Today, Quakers still must stand, like Thomas Maule, and advocate for people of other faith communities who are being abused or neglected by the systems in place.
And I am not just talking about being tolerant of people who believe different than us Quakers – I mean being willing to defend them and stand with them when they are being treated wrongly.
This week on the news I was saddened to see antisemitism on the rise again in this country. The Anti-Defamation League shows that anti-semetic incidents have increased by 34% since 2021 and the numbers are rising as we get closer to elections.
As well, the United Nations recently said there is an overall increase in Islamophobia specifically in the United States and Europe. Over 30% of people still hold Muslims in a “negative light.”
2019 saw the greatest increase in violence against religious communities in almost a decade in our country and the numbers continue to rise.
I think we too quickly forget that religious freedom, one of our core First Amendment principles, supports the freedom of an individual or community, in public or private, to manifest religion or belief in teaching, practice, worship, and observance.

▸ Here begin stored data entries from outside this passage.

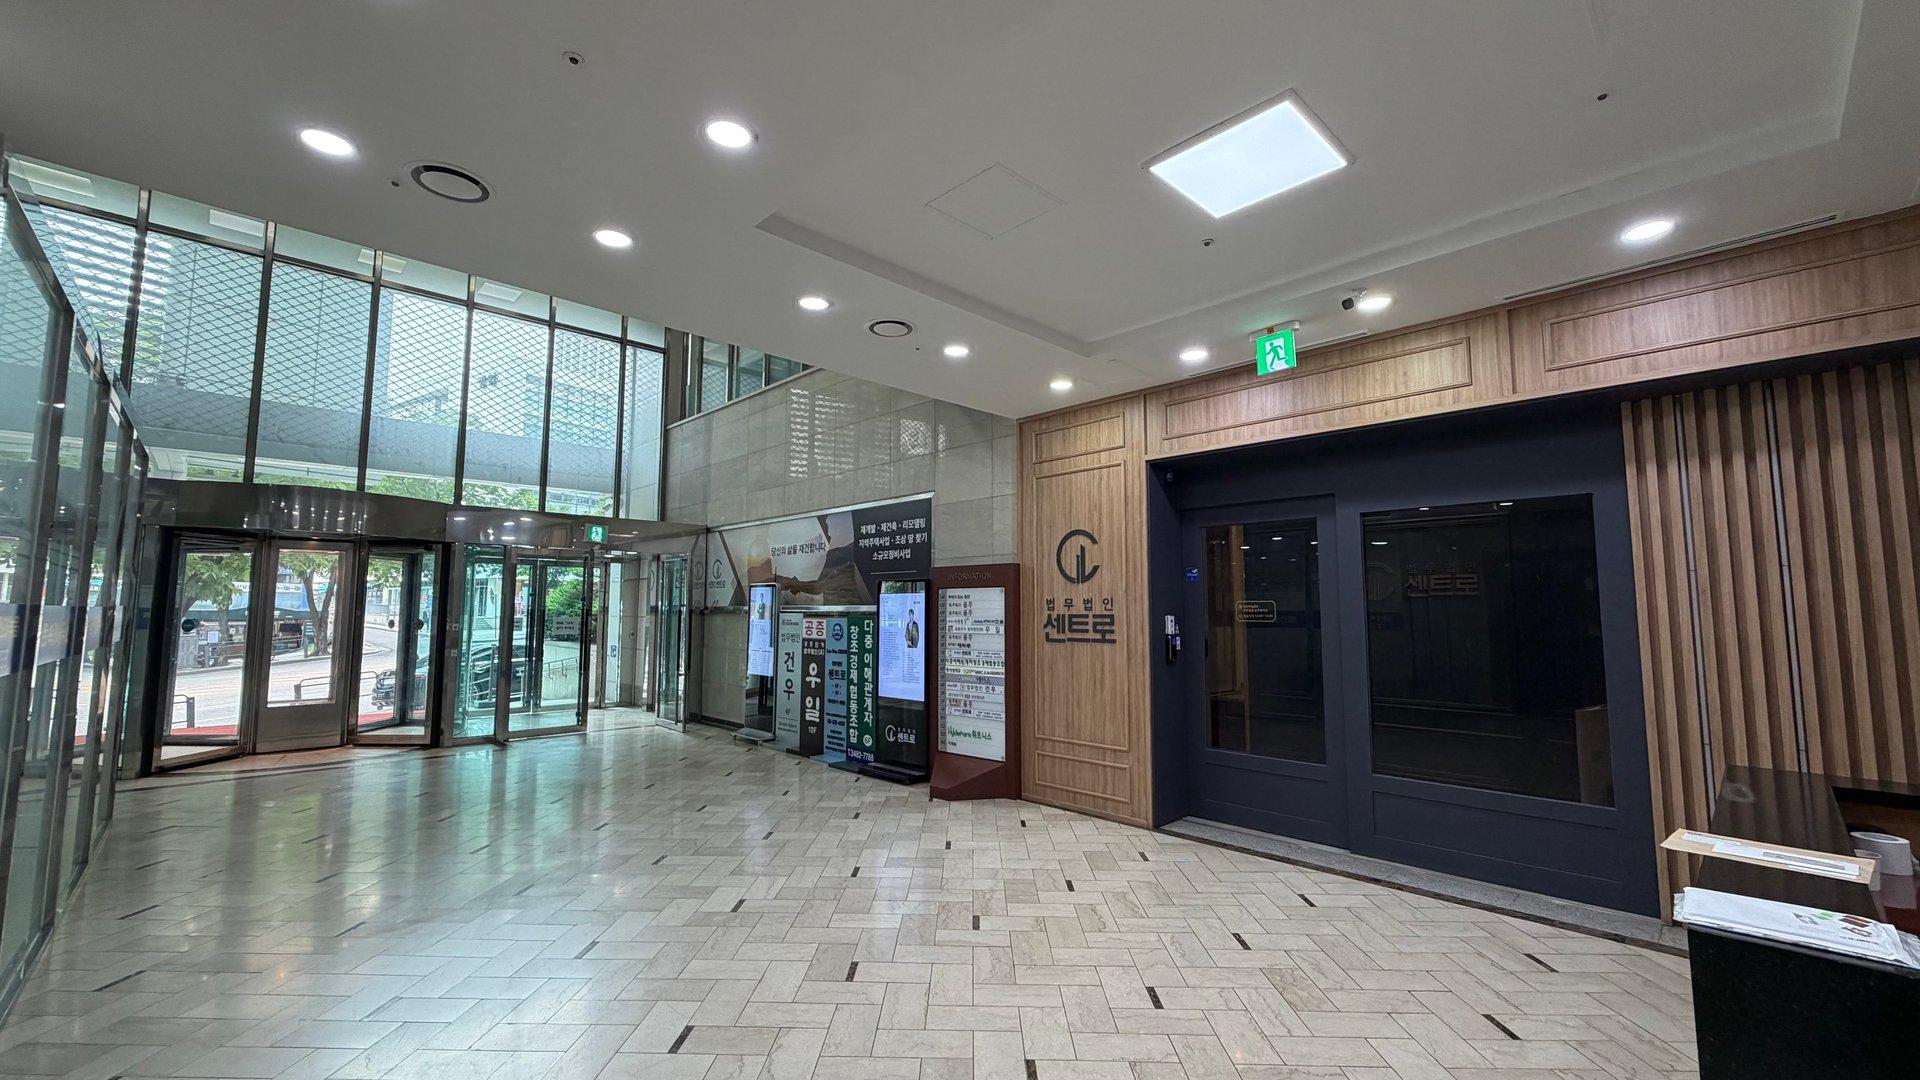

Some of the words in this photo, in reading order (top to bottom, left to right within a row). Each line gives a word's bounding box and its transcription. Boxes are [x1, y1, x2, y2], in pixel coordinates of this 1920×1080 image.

[860, 524, 876, 534] 재개발
[880, 521, 897, 532] 재건축
[902, 518, 926, 529] 리모델링
[859, 536, 890, 548] 지역주택사업
[894, 535, 907, 544] 조상
[908, 533, 914, 543] 땅
[915, 532, 928, 543] 찾기
[771, 545, 786, 556] 당신의
[787, 544, 798, 555] 삶을
[799, 541, 826, 553] 재건합니다
[872, 548, 911, 560] 소규모정비사업
[947, 571, 992, 580] INFORMATION
[1405, 573, 1480, 598] 센트로
[1045, 597, 1114, 612] 법무법인
[804, 620, 826, 637] 공증
[863, 619, 874, 650] 다중
[1043, 613, 1117, 644] 센트로
[783, 651, 796, 701] 건우
[827, 667, 846, 681] 센트로
[805, 662, 821, 723] 우일
[848, 625, 859, 744] 창조경제협동조합
[863, 652, 874, 728] 이해관계자
[808, 725, 818, 735] 10F
[896, 733, 917, 745] 센트로
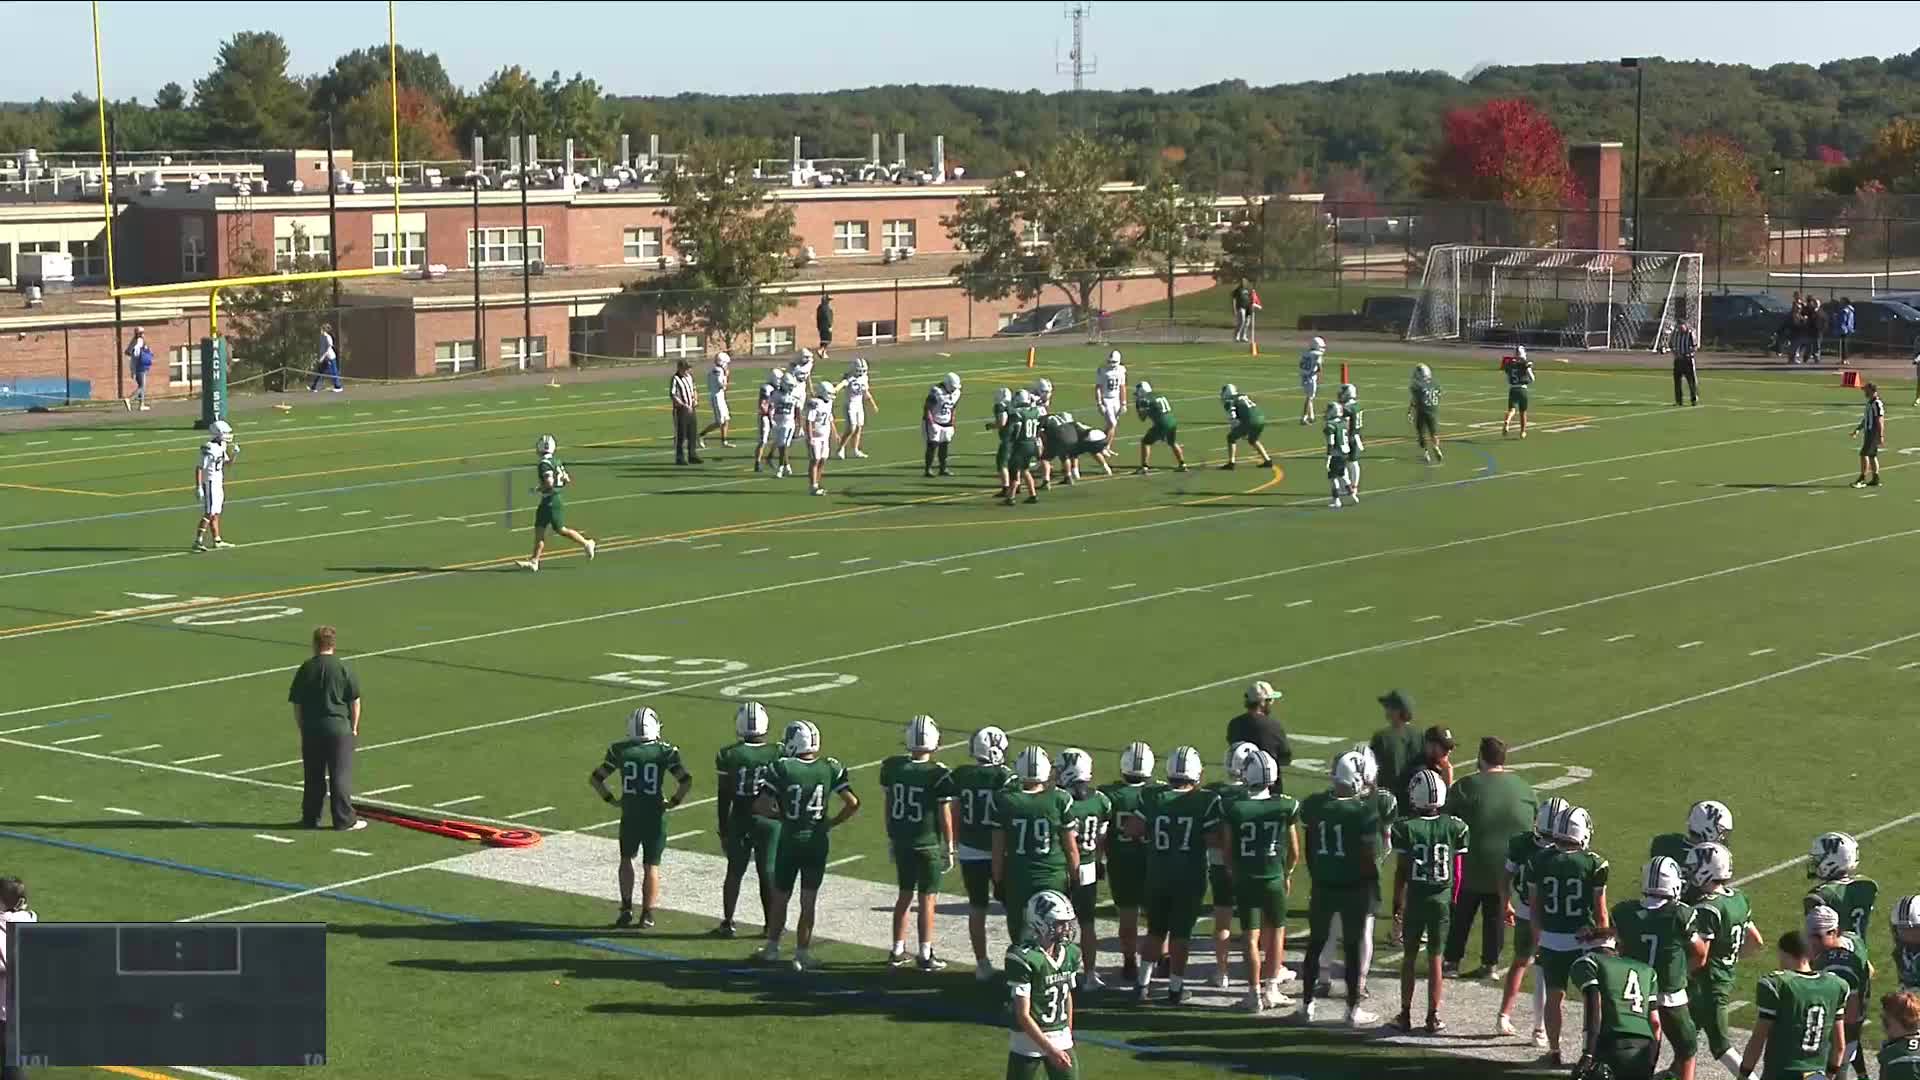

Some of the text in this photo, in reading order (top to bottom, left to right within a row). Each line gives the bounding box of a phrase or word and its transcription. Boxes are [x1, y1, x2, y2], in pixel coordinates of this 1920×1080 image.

[622, 760, 658, 794] 29
[785, 784, 825, 820] 34
[892, 784, 924, 823] 85
[1012, 817, 1050, 855] 79
[1154, 815, 1193, 851] 67
[1240, 821, 1279, 857] 27
[1316, 820, 1345, 857] 11
[1543, 876, 1583, 917] 32
[1640, 934, 1658, 968] 7
[1624, 969, 1644, 1014] 4
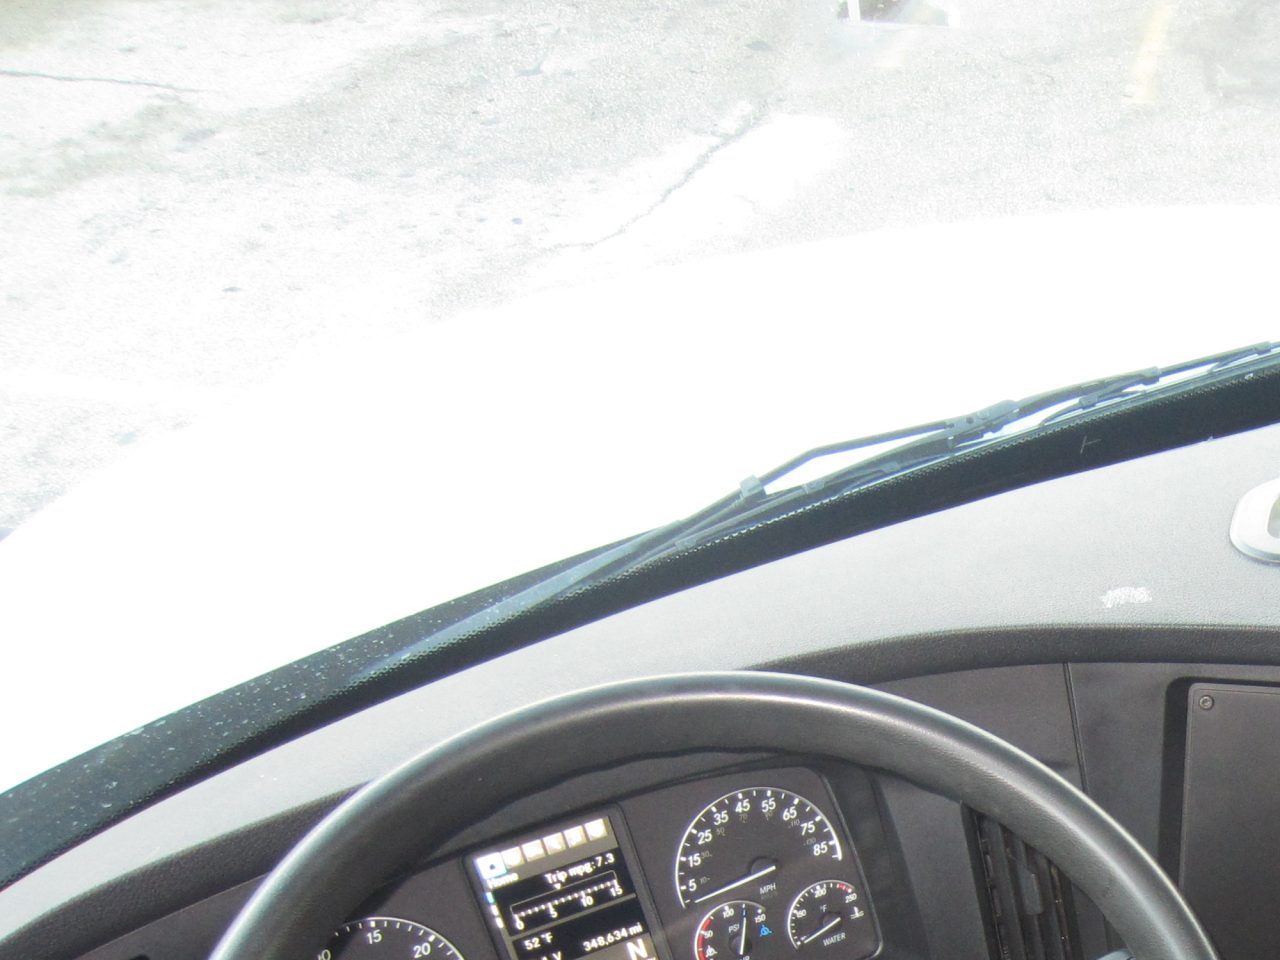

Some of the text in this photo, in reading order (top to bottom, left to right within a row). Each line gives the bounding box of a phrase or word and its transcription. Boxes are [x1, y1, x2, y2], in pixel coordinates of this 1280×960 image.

[735, 799, 750, 813] 45
[761, 798, 776, 812] 55
[713, 811, 728, 825] 35
[783, 807, 797, 821] 65
[801, 822, 815, 835] 75
[697, 830, 712, 844] 25
[813, 842, 828, 856] 85
[688, 854, 701, 868] 15
[544, 869, 567, 883] Trip
[610, 885, 623, 897] 15
[689, 879, 697, 891] 5
[759, 883, 776, 895] MPH
[814, 888, 827, 898] 200
[845, 893, 857, 903] 250
[581, 896, 594, 908] 10
[551, 908, 558, 918] 5
[723, 908, 734, 919] 100
[754, 914, 766, 924] 150
[516, 918, 525, 930] 0
[366, 929, 382, 944] 15
[524, 936, 541, 950] 52
[582, 922, 643, 952] 348,634 mi
[823, 933, 846, 947] WATER
[413, 943, 431, 958] 20

Sadly, too many religious folks (who many call themselves Christian), think much like the Puritans in colonial Salem that religious freedom is to be perceived as something that is only meant to protect some citizens at the expense of others.
By speaking up like Thomas Maule, we can demonstrate that such rhetoric does not hurt only a subsection of the population, but ALL of us.
And please understand, it does not have to mean we must do this only in the court of law. No, this means you and I standing up for our siblings of other faiths in conversations within our families, at work, in classrooms, in our neighborhoods and communities, and especially through our vote.
So, as we enter waiting worship this morning, I want us to ponder the following queries:
· Am I aware of someone of another faith community that is being mistreated, neglected, or simply not heard?
· How might I advocate for them?
· What rhetoric might I need to change or stop using altogether, so that ALL people will benefit?